In Tennessee child support cases there are two parties: the primary residential parent, with which the child resides primarily, and the alternate residential parent, who does not have primary custody of the child. Typically the alternate residential parent is responsible for paying child support to the primary residential parent, since it is assumed that the primary custodian is already providing financial support for the child.
If both parties split custody of the child equally, one party will still most likely owe the other party child support, unless each make the exact same income.
How is The Amount Determined?
Within the state of Tennessee, the amount of child support owed by the alternate residential parent is usually calculated based on the state’s Child Support Guidelines using a Child Support Worksheet.
This worksheet calculates the Adjusted Gross Income of each parent, which includes salary, tips and wages as well as other sources of income such as pensions, retirement plans, social security benefits, unemployment payments, investment gains, alimony from previous marriages, and even gifts or winnings from the lottery.
The worksheet also factors in applicable deductions. These can include self employment taxes, credits for supporting other children, and social security benefits that a parent has collected on behalf of their child.
What if the Amount Calculated is Unfair?
Typically the Court will assume that the amount of child support determined by the state’s Child Support Worksheet is accurate.
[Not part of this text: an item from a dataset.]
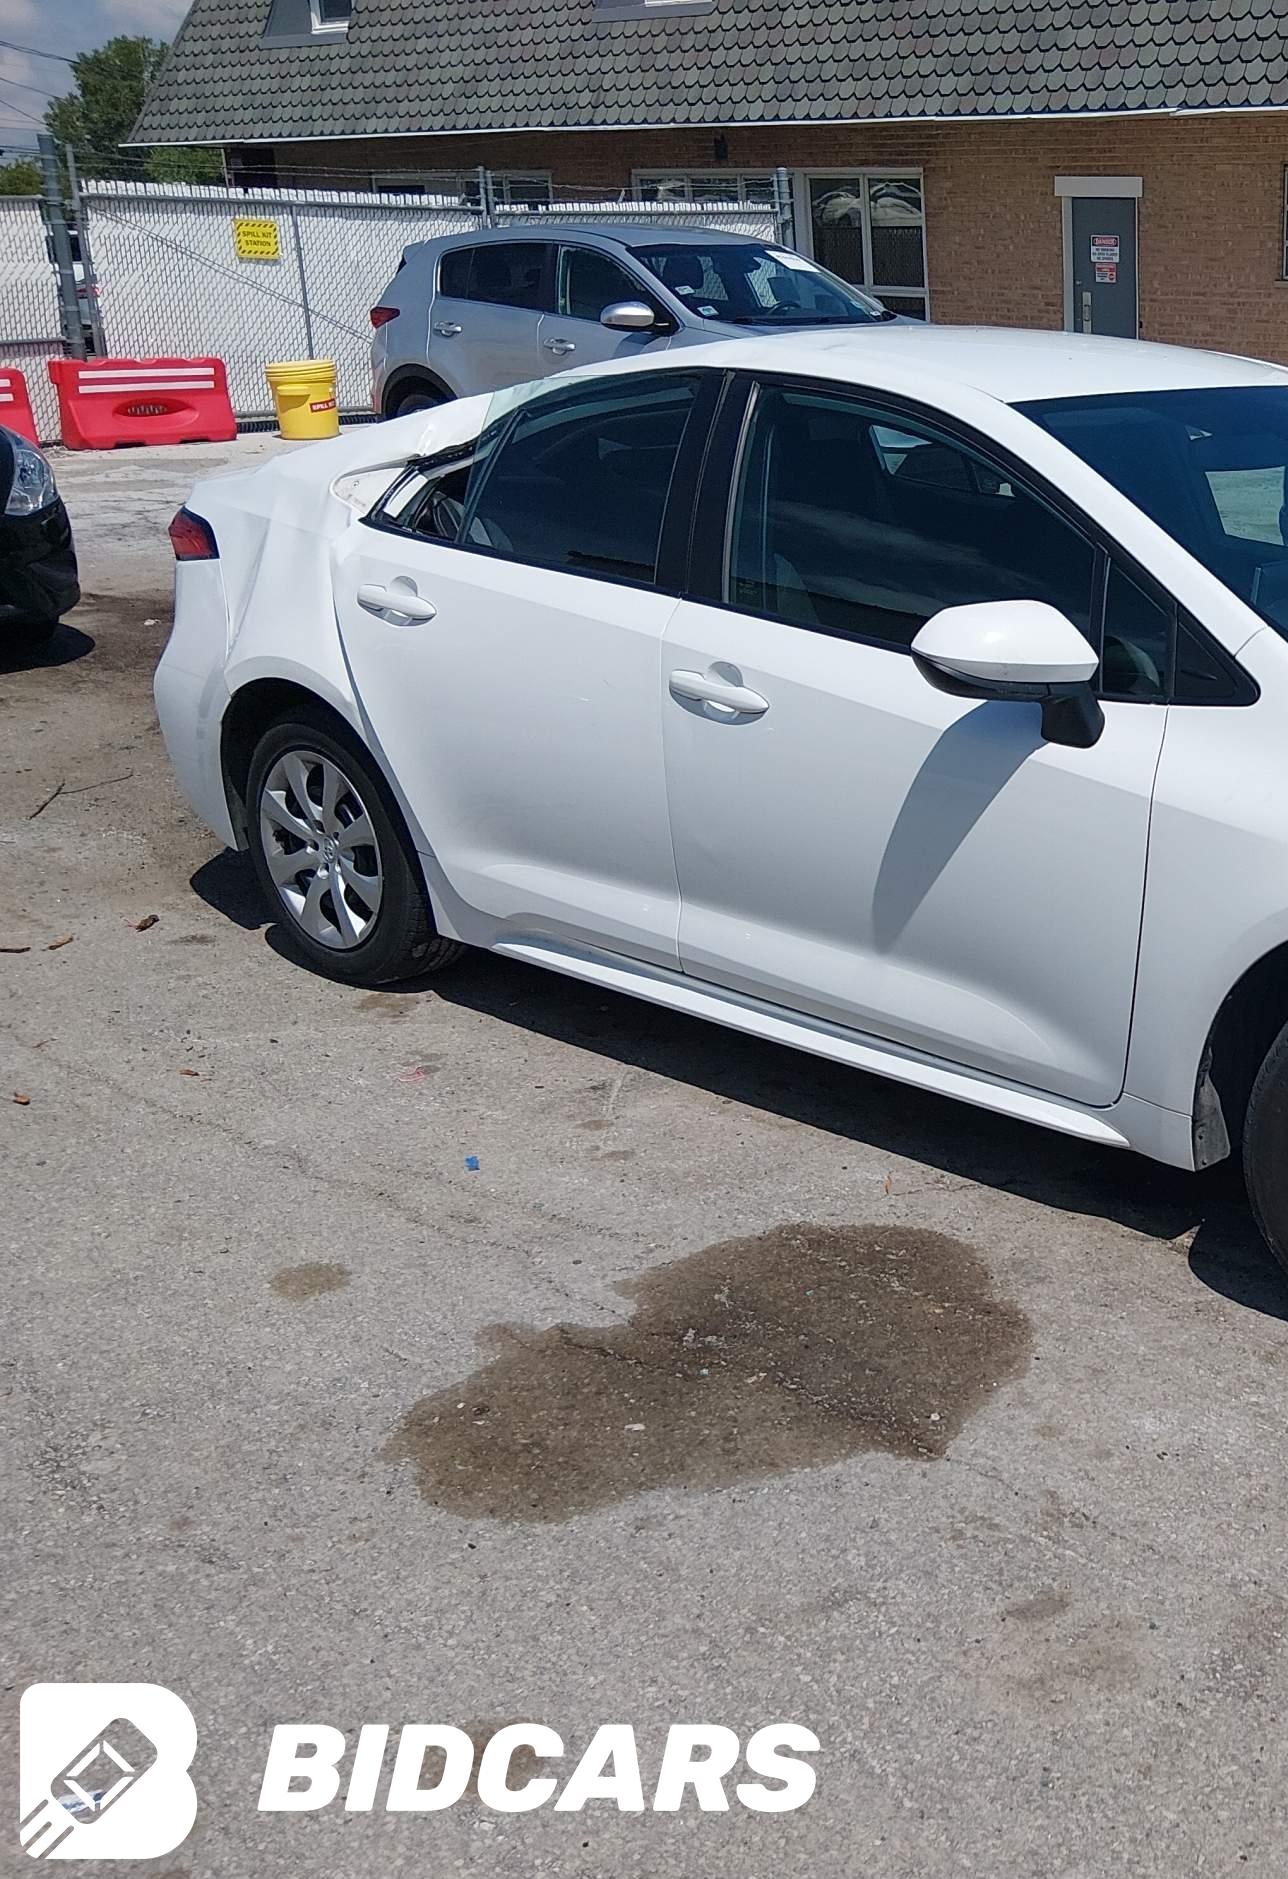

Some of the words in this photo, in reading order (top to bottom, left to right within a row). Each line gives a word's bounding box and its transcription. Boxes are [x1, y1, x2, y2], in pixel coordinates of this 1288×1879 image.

However, in certain instances the worksheet simply cannot factor in certain items that may affect the fairness of the payment.
In these instances the party that feels the final child support amount is unfair can request that the Court adjust the amount. If this is the case, you must demonstrate a legitimate reason that the payment should be adjusted. Some common factors affecting adjustments to child support payments include exorbitant medical or education expenses, travel expense, economic hardship, and special expenses such as summer camp or athletic clubs. Although these issues can affect the payment, it is ultimately up to the Court to act in a way that is best for all parties.
If you want to ensure that the amount of child support that you owe is properly calculated using the Child Support worksheet, Ken Phillips Law is here to help. We will help you calculate what you owe, and can also represent you if you feel that the amount of child support that you owe has been unfairly calculated. Contact us today, and we will help walk you through calculating child support in Tennessee.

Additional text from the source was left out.